Дедушка Петр, участник Великой Отечественной войны, запомнился сидящим в комнате напротив печи. Он смотрел на огонь и одну за другой курил папиросы. Всегда молча, думая о чем-то своем. Его не стало задолго до ухода бабушки Лены. Так я и не узнала историю его военного пути…
Бабушку Лену моя мама уважала: в молодые годы Елена Васильевна работала на швейной фабрике, была мастером. К сожалению, бабушки не стало в 63 года. У нее случился гипертонический криз – резко подскочило давление. Вызвали скорую. Но неопытная медсестра перепутала лекарства – поставила укол, не снижающий, а повышающий давление. Я сильно плакала: не к кому стало ездить в гости…
* * *
Впрочем, вскоре я нашла другую бабушку, которая в какой-то мере заменила мне родных бабушку Лену и бабушку Капу. Она жила в нашем доме, выходила во двор, чтобы выгулять Жулю. А подружились мы очень просто: я тоже была без ума от четвероногих, тащила в квартиру любого бездомного котенка-собачонка.

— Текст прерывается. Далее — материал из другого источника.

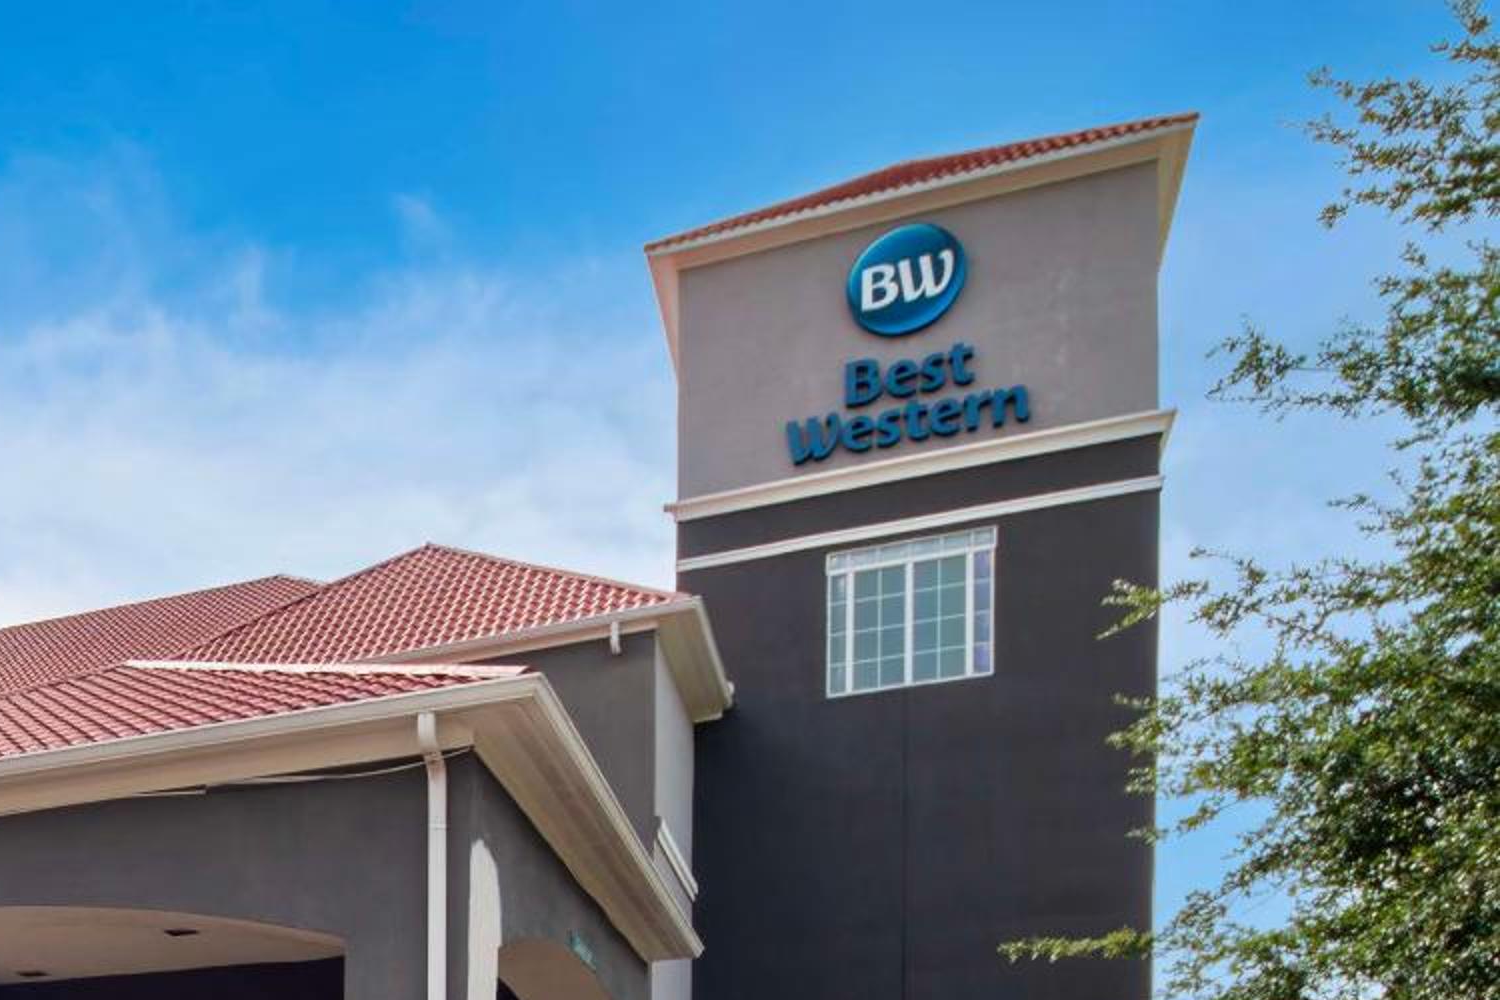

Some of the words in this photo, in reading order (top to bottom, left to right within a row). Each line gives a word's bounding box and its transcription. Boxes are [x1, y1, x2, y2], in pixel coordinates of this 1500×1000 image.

[861, 249, 954, 312] BW
[844, 342, 975, 408] Best
[785, 384, 1030, 466] Western

Жуля – рыжая дворянка, которую взяли с улицы, приютили. И жила она как у Христа за пазухой, каталась как сыр в масле. Бывая в гостях у новой бабушки Кати, я видела, как хозяйка отдавала своей питомице лучшие кусочки.
Семья бабушки Кати – это она и ее муж, дядя Саша, фронтовик, страдающий от ранений. Жили они в коммуналке с крохотной кухней, занимая одну из двух комнат. Нехитрую жилплощадь пенсионеры еще делили с котом Пусей и кошкой Мусей, которая время от времени приносила приплод. Мне на радость: я любила возиться с котятами.

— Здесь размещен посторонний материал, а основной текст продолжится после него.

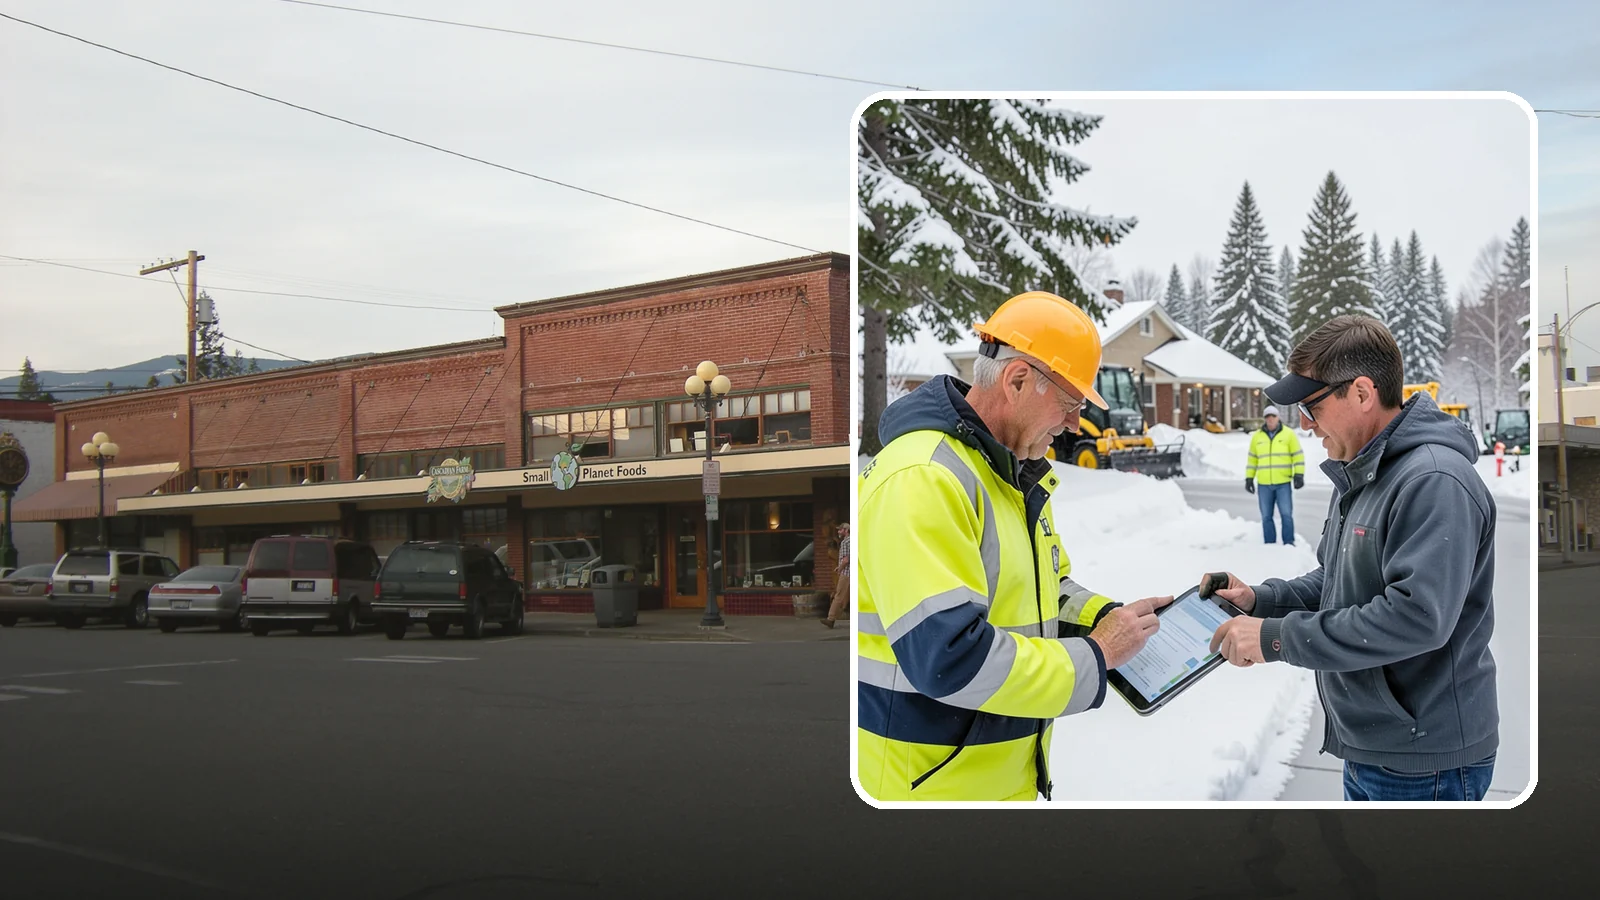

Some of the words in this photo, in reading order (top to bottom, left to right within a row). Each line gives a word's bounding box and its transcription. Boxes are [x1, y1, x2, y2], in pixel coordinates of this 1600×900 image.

Дядя Саша часто болел. Собака в доме была единственным поводом, чтобы выйти на улицу. Прогуливались они с Жулей в основном на соседнее поле, что находилось через дорогу и простиралось до самого горизонта. По осени, когда большой урожай картошки был убран, дядя Саша собирал оставшийся «горох». Бабушка варила картошку в мундире и все вместе мы ужинали.
Я понимаю, почему так прикипела к этому семейству: здесь меня любили, относились как к родной внучке. А я так нуждалась во внимании.
Приехав в Сарапул спустя несколько лет, я случайно встретила свою «приемную» бабушку: она уже почти ничего не видела, меня узнала по голосу.
Выгуливала собачку, только уже другую, по кличке Кутя. Кутя еле передвигалась, покачивая откормленными боками. От сытой жизни ее черная шерсть лоснилась и закручивалась как у овечки – да, узнаю хлебосольную бабушку Катю! Мужа она похоронила, кошечек и котиков – тоже. Кутя осталась единственным членом семьи, кто нуждался в ее заботе.